## TASK DIRECTIONS
Apart from the images, every record below must be given again without alteration.

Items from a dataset
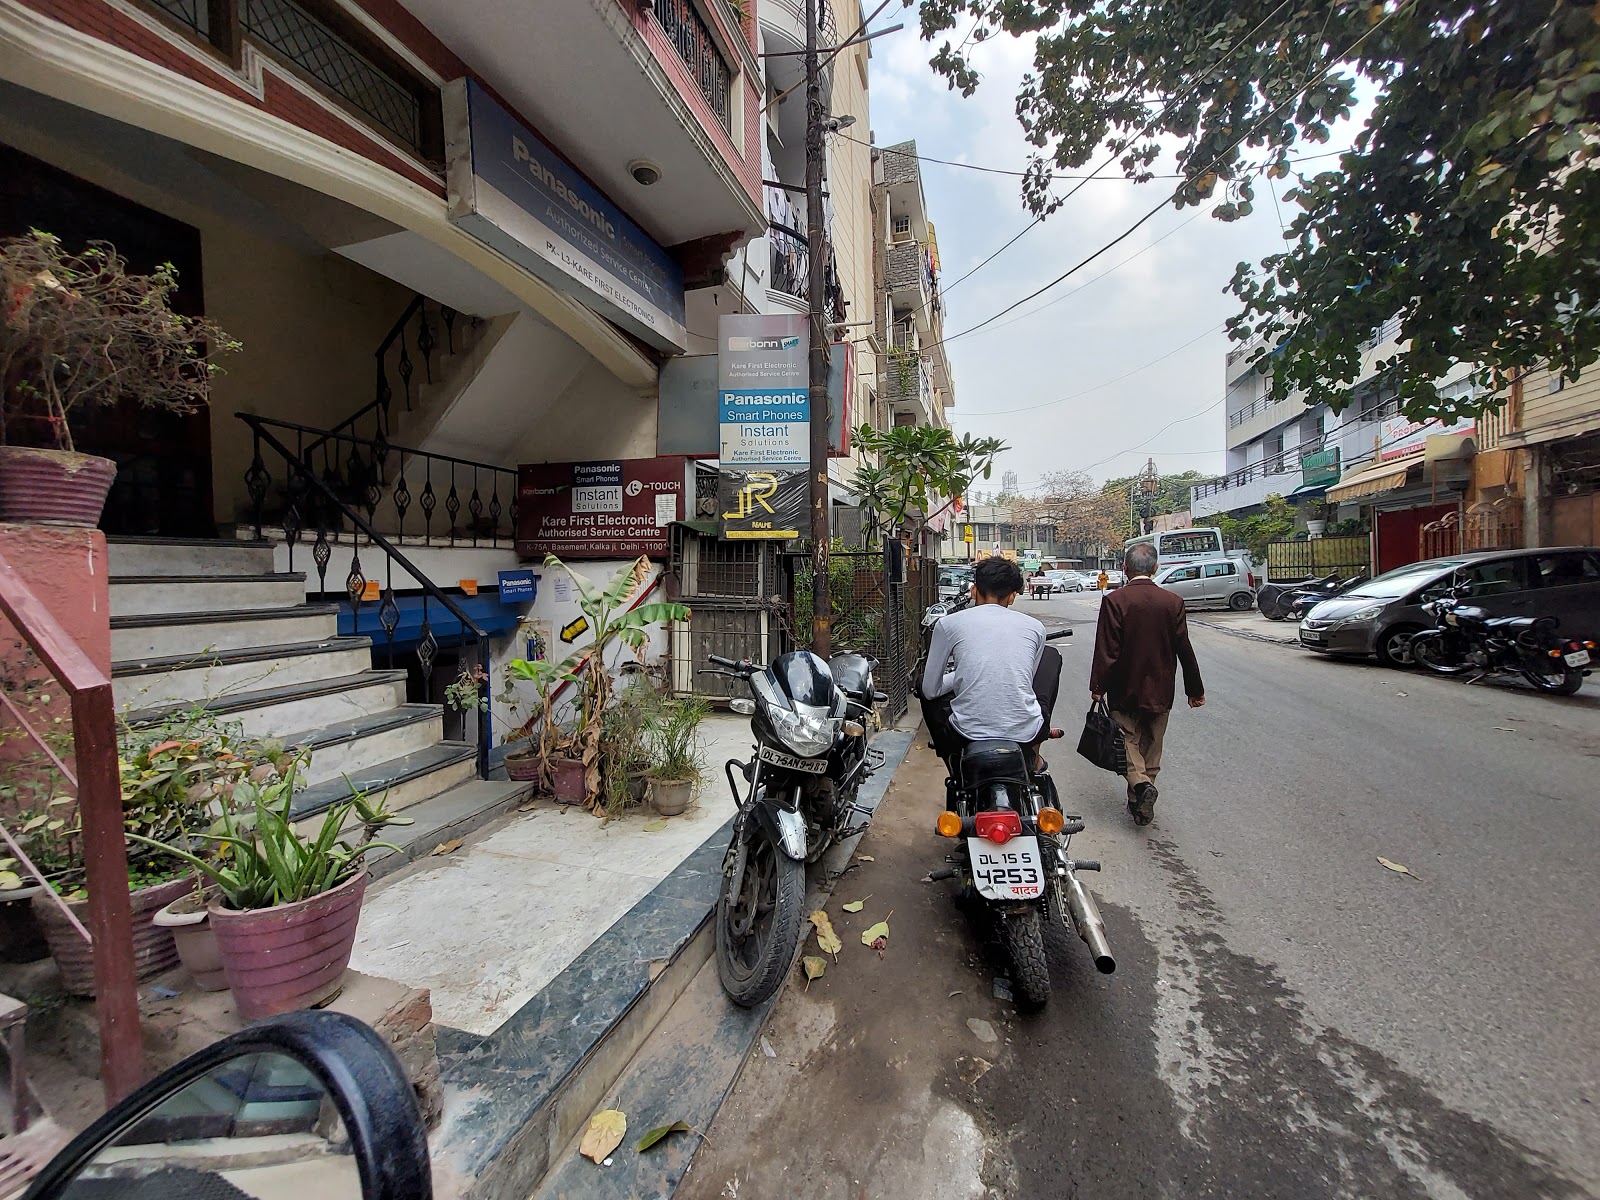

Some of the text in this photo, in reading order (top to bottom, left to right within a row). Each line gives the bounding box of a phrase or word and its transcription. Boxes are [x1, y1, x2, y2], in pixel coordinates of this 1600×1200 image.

[512, 134, 615, 239] Panasonic
[546, 206, 598, 253] Authorized
[600, 247, 628, 276] Service
[594, 275, 613, 296] FIRST
[614, 289, 655, 324] ELECTRONICS
[724, 392, 806, 405] Panasonic
[727, 410, 803, 420] Smart Phones
[740, 424, 789, 437] Instant
[574, 464, 620, 474] Panasonic
[595, 475, 619, 483] Phones
[576, 488, 619, 501] Instant
[542, 514, 655, 527] Kare First Electronic
[538, 527, 661, 537] Authorised Service Centre
[589, 542, 610, 550] Kalka
[620, 542, 640, 550] Delhi
[502, 578, 532, 586] Panasonic
[979, 854, 999, 864] DL
[976, 868, 1038, 885] 4253
[1010, 886, 1038, 895] यादव

## EXERCISE RESPONSE
Some of the text in this photo, in reading order (top to bottom, left to right within a row). Each line gives the bounding box of a phrase or word and its transcription. Boxes are [x1, y1, x2, y2], in pixel coordinates of this 1600×1200 image.

[512, 134, 615, 239] Panasonic
[546, 206, 598, 253] Authorized
[600, 247, 628, 276] Service
[594, 275, 613, 296] FIRST
[614, 289, 655, 324] ELECTRONICS
[724, 392, 806, 405] Panasonic
[727, 410, 803, 420] Smart Phones
[740, 424, 789, 437] Instant
[574, 464, 620, 474] Panasonic
[595, 475, 619, 483] Phones
[576, 488, 619, 501] Instant
[542, 514, 655, 527] Kare First Electronic
[538, 527, 661, 537] Authorised Service Centre
[589, 542, 610, 550] Kalka
[620, 542, 640, 550] Delhi
[502, 578, 532, 586] Panasonic
[979, 854, 999, 864] DL
[976, 868, 1038, 885] 4253
[1010, 886, 1038, 895] यादव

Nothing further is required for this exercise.